Dans son bureau du Sénat, Dayani réfléchissait. Elle repensait à sa vie, à ses épreuves, qui l’avaient amenée là où elle était aujourd’hui. Elle repensait à son fils, qui avait eu l’opportunité de faire de bonnes études dans une école prestigieuse.

Ce faisant, elle pensa à elle, à ce qu’elle avait appris, d’abord au contact de la vieille Zelaya, en lui faisant son ménage. Car Zelaya, dans son infinie sagesse, avait fort bien compris que les parents de la jeune fille n’avaient pas d’argent et, sous couvert de lui faire faire son ménage et à manger pendant qu’elle donnait des cours à Osmin, la vieille femme avait instruit cette jeune fille qui ne demandait qu’à apprendre. Osmin, lui, avait eu la chance d’avoir une mère ô combien débrouillarde, puisqu’elle lui avait permis, en se privant de presque tout, d’offrir à son fils des cours chez cette vieille institutrice. Les deux jeunes gens avaient donc bénéficié de tout le savoir et de toute la sagesse de cette femme qui n’avait plus d’âge.

Le reste était une histoire de courage, de persévérance, mais aussi de souffrances et de résilience. Tombés amoureux l’un de l’autre et Dayani étant enceinte, ils avaient décidé d’aller retrouver le père d’Osmin, là où il travaillait, à Cripple Creek, une mine d’or du Colorado. Le voyage avait été bien plus long et plus pénible que prévu pour les deux tourtereaux, mais par chance ou par hasard, ils n’avaient pas rencontré d’obstacles, autres que les tourments dus à la météo ou au climat des pays qu’ils avaient traversés.

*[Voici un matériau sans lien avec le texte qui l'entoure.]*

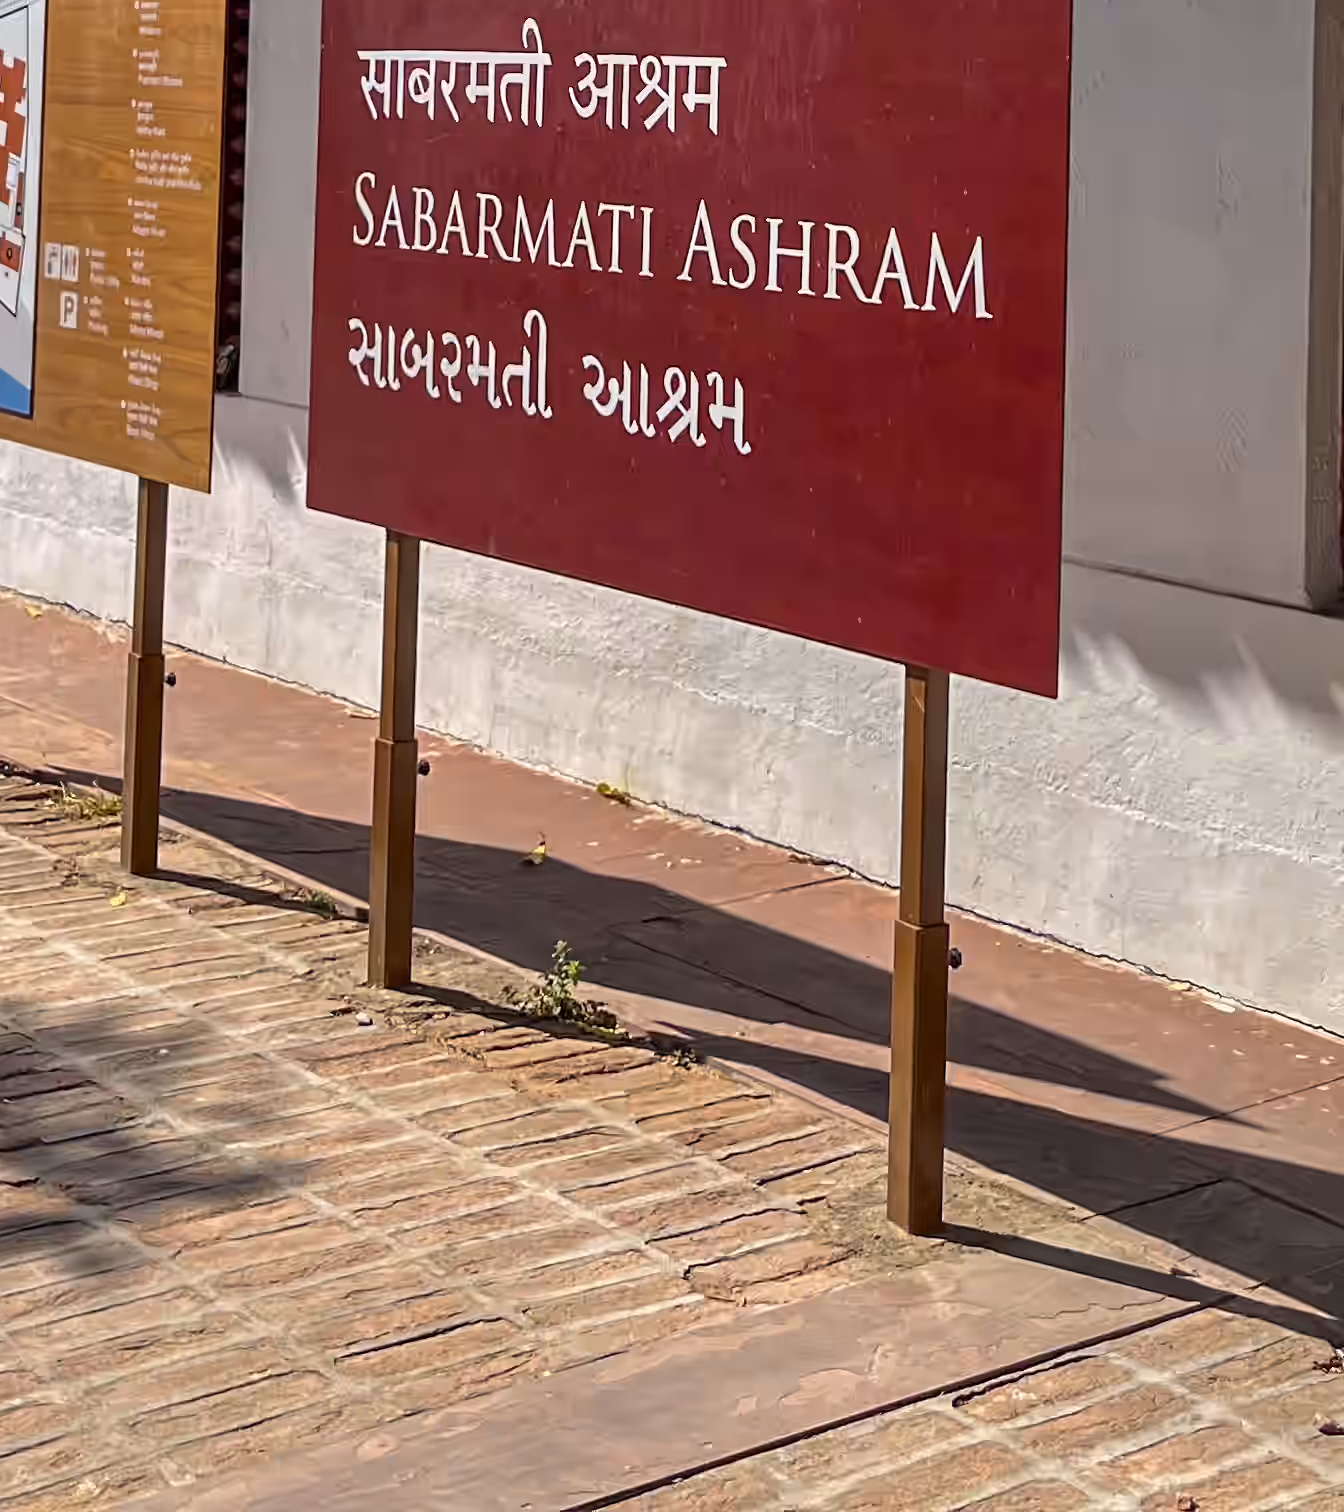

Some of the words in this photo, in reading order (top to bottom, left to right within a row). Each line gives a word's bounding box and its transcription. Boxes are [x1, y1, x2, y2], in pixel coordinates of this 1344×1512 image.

[357, 17, 552, 128] साबरमती
[568, 52, 728, 136] आश्रम
[353, 171, 654, 278] SABARMATI
[676, 198, 994, 319] ASHRAM
[348, 309, 553, 419] સાબરમતી
[581, 354, 752, 455] આશ્રમ

Malheureusement, le père d’Osmin venait de succomber à une maladie pulmonaire juste avant leur arrivée, leur léguant tous ses biens, qui se montaient à bien peu de choses, sauf une : les paillettes d’or qu’il avait minutieusement recueillies sur ses vêtements et qu’il avait soigneusement collectées et conservées avant de les faire changer en espèces sonnantes et trébuchantes.

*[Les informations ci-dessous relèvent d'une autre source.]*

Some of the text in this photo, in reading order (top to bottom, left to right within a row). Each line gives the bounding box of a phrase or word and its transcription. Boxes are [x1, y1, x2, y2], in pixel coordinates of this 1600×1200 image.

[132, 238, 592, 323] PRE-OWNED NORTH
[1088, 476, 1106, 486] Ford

Doté de cet argent inattendu mais bienvenu, et muni de son diplôme et d’une solide volonté, Osmin les avait fait entrer au service d’une riche famille de la ville voisine, qui avait besoin d’un précepteur et d’une femme de ménage. Dayani l’avait donc suivi, en attendant son accouchement. Mais elle n’était pas restée inactive et avait pris des cours du soir pour se sortir de leur condition.

Après plusieurs années et après avoir déménagé pour être professeure dans un établissement réputé de Washington, Dayani avait acquis une profondeur et une étoffe qui l’avait fait sortir du lot et se mettre en avant, bien malgré elle. Portée par ses rêves, elle avait donné de la voix pour sa communauté et son courage avait insufflé un nouvel élan à tous ceux qui étaient dans le même cas de figure. Forte d’une nouvelle ferveur et désirant avant tout prôner la pugnacité et la force d’âme, elle avait été appelée à représenter la diaspora nicaraguayenne au pays de tous les rêves et de tous les possibles...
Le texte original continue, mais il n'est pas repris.